The BBC has just cut its budget by £500 million, in an apparent attempt to limit the damage from the latest charter renewal process - which determines its funding. The new director general (ie ceo) is an ex-Google person, and they seem to be pivoting to become a social media content provider. So I'm pretty sure that spending licence fee money on making vacuum tubes to broadcast a signal that nobody under forty listens to wouldnt get past a value for money test.

(I like the BBC and its radio output, and I'm one of those weirdos who still pays the licence fee despite never watching tv or any of the stuff that the licence fee is required for. But it is becoming increasingly lost to me: focussed on triviality and politically cowed. Sadly, I no longer expect it to last.)

microgpt 6 hours ago||
I thought the license fee was a tax. You have to pay it, except in extremely specific scenarios that are basically just the bureaucracy's way of saying it's technically optional even though it isn't. AFAIK you have to own no devices capable of receiving BBC broadcasts - this includes most phones and computers since they broadcast on the internet.
Symbiote 6 hours ago||
You only need the license if you watch live TV (on any service) or use BBC iPlayer.

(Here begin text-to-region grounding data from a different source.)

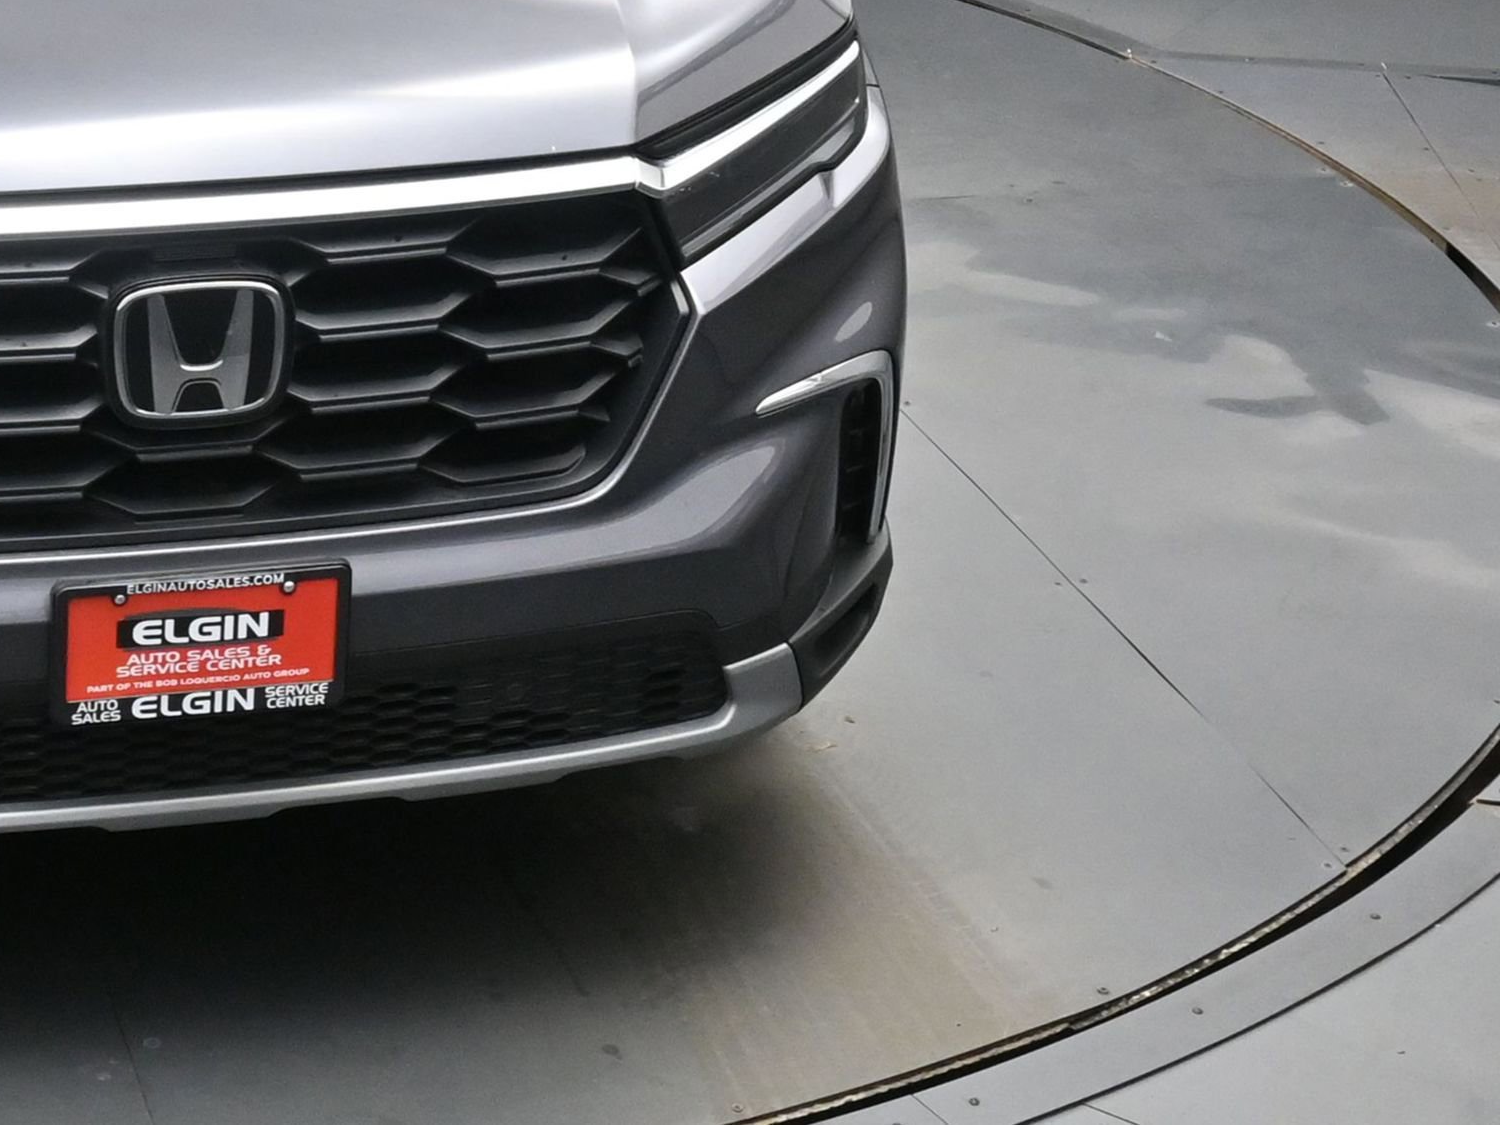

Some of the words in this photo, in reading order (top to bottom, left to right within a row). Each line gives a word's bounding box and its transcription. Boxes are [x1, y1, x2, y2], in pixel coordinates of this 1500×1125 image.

[126, 572, 285, 595] ELGINAUTOSALES.COM
[132, 611, 270, 645] ELGIN
[116, 661, 200, 678] SERVICE
[206, 654, 282, 672] CENTER
[126, 651, 180, 666] AUTO
[187, 646, 251, 662] SALES
[257, 644, 272, 656] &
[86, 684, 114, 693] PART
[116, 682, 132, 691] OF
[133, 680, 154, 689] THE
[155, 678, 178, 688] BOB
[243, 670, 271, 681] AUTO
[273, 667, 310, 678] GROUP
[265, 682, 329, 698] SERVICE
[76, 698, 119, 714] AUTO
[131, 687, 255, 720] ELGIN
[266, 694, 326, 709] CENTER
[71, 710, 122, 726] SALES

If you only watch DVDs, or stream movies etc, you don't need a license

microgpt 3 hours ago||
When did they change it from if you could watch to if you actually watch?
Symbiote 3 hours ago||
In about 2008 it was OK, my flatmate let the "TV licencing" people in to see a TV connected only to games consoles and a DVD player.
microgpt 6 hours ago||||
These aren't just any vacuum tubes. They are each the size of a small fridge, and extremely specialized for use in radio broadcasting.
TylerE 8 hours ago|||
I'm sure they could, but sourcing people willing to manufacture heavily equipment/processing intensive speciality products for tiny runs will be MINDBLOWINGLY expensive.

This isn't about the little tubes that go in a guitar amp... we're talking about tubes that may well be too large for a single person to lift.

What's more, everyone who knew how to build things is either dead or in a retirement home. You'd have to re-engineer much of it from scratch.

microgpt 6 hours ago||
At least you already have some working tubes to start from. Some guy did it with Nixie tubes, of course those are a lot smaller.
TylerE 5 hours ago||
Exactly - and look what those cost despite being produced in relative quantity. Now scale up to something that's 1000 times the size with 1/1000th the production volume. Wouldn't surprise me if the per-tube cost was in the millions.

Nixies are also cold cathode, low current devices. Radio broadcast tubes can be handling tens or even hundreds of thousands of watts.